Gathering in and returning to our two-service church year brings a whirlwind of expectations:
- What will we create together this church year?
- Who will we become?
- What do we expect of each other?
- What do we expect of ourselves?
- What do we expect of the world—of time, place, and given circumstances?
It will be a big year. The given circumstances of our lives have a big, hefty feeling. Children in cages without toothbrushes or soap. Hate crimes on the rise. Empowered and organized communities responding to pain and creating change. New babies. Lost loved ones. An election. Beauty. Life. Art. Death. The moral universe arcing in our weathered hands. What do we expect in this heft? Where in the hugeness of life becoming itself do we land with our specific hopes and dreams? How are we hoping to grow communally?
Studies have shown that human beings are terrible at predicting how we will change over time.

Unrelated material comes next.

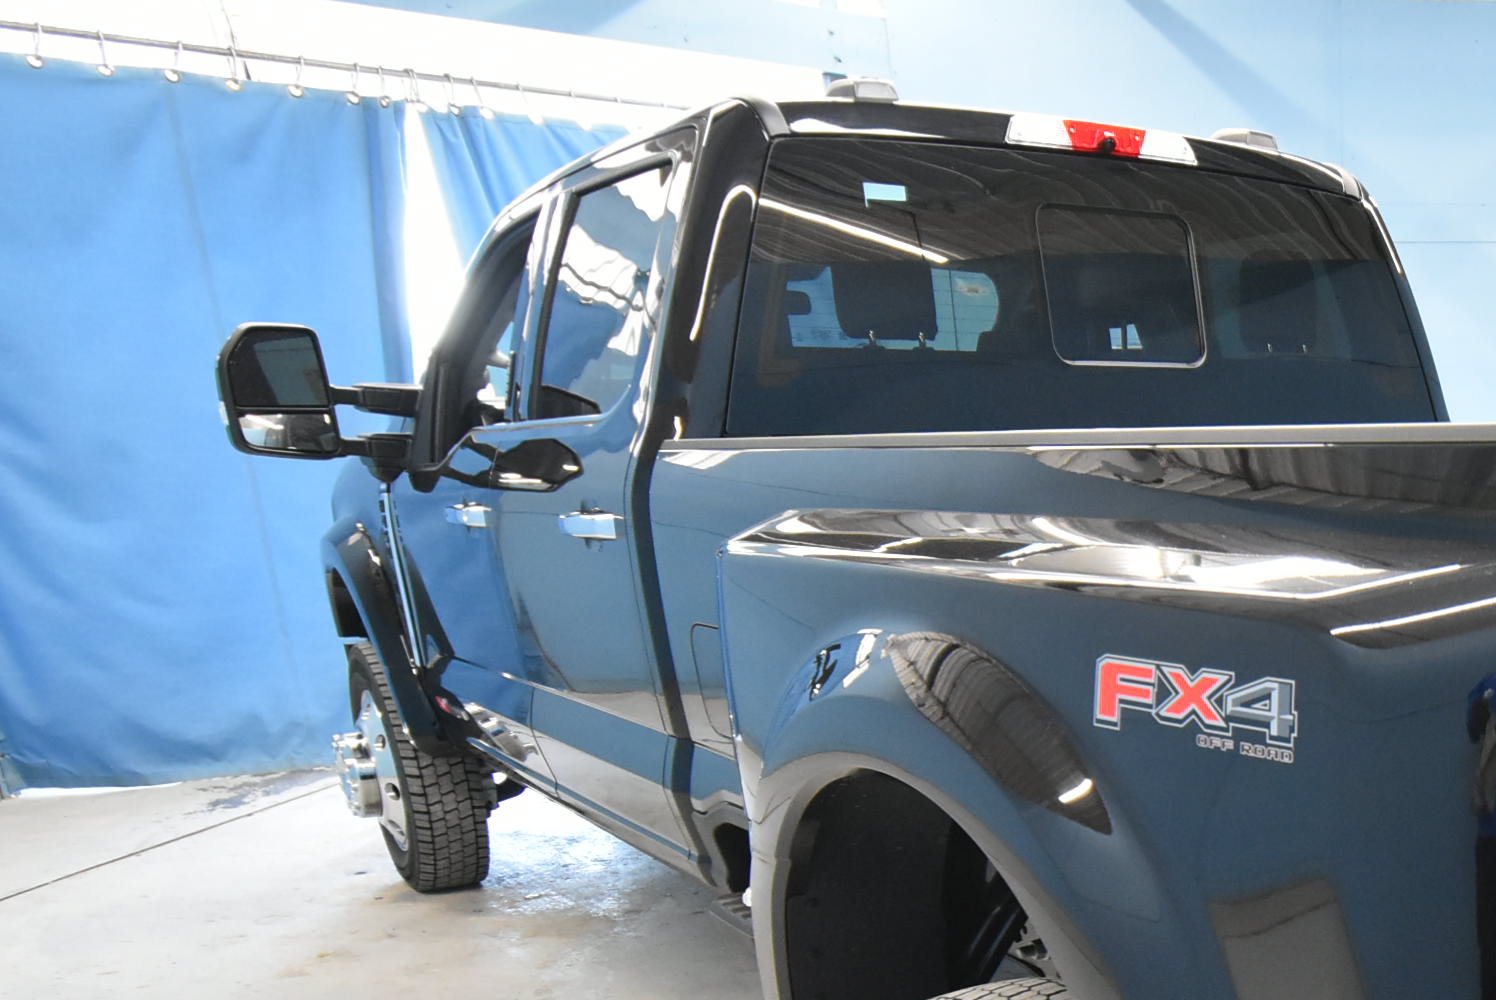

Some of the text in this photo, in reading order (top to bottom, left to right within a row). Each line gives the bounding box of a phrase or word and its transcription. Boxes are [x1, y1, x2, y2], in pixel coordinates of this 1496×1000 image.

[1093, 653, 1298, 747] FX4
[1196, 734, 1294, 764] OFF ROAD

When we look back on the past, we can see drastic changes in ourselves and our lives now compared to five or ten years ago, but we usually predict that five or ten years from now we will be basically the same. But we will change, as individuals and as a people. May we use our expectations to shape that change towards our best hopes and our most beautiful growth. May we approach that unfolding future with an open sense of expectancy, rather than control.
This year at church, we are welcoming three important new staff people: our new Director of Religious Education Kimberlee Tomczak Carlson; our new Social Justice Coordinator Cesar Cornier; and our new collaborative pianist Teresa Drews! I hope you will join me in welcoming them on Ingathering Sunday and be part of creating community with them.
While rigid expectations can create disappointment, expectant hop can open us to change as it unfolds, and remind us of our own power to mold that change. We cannot control the future, but we can be part of shaping it, working in concert with so many others who dare to build the Beloved Community.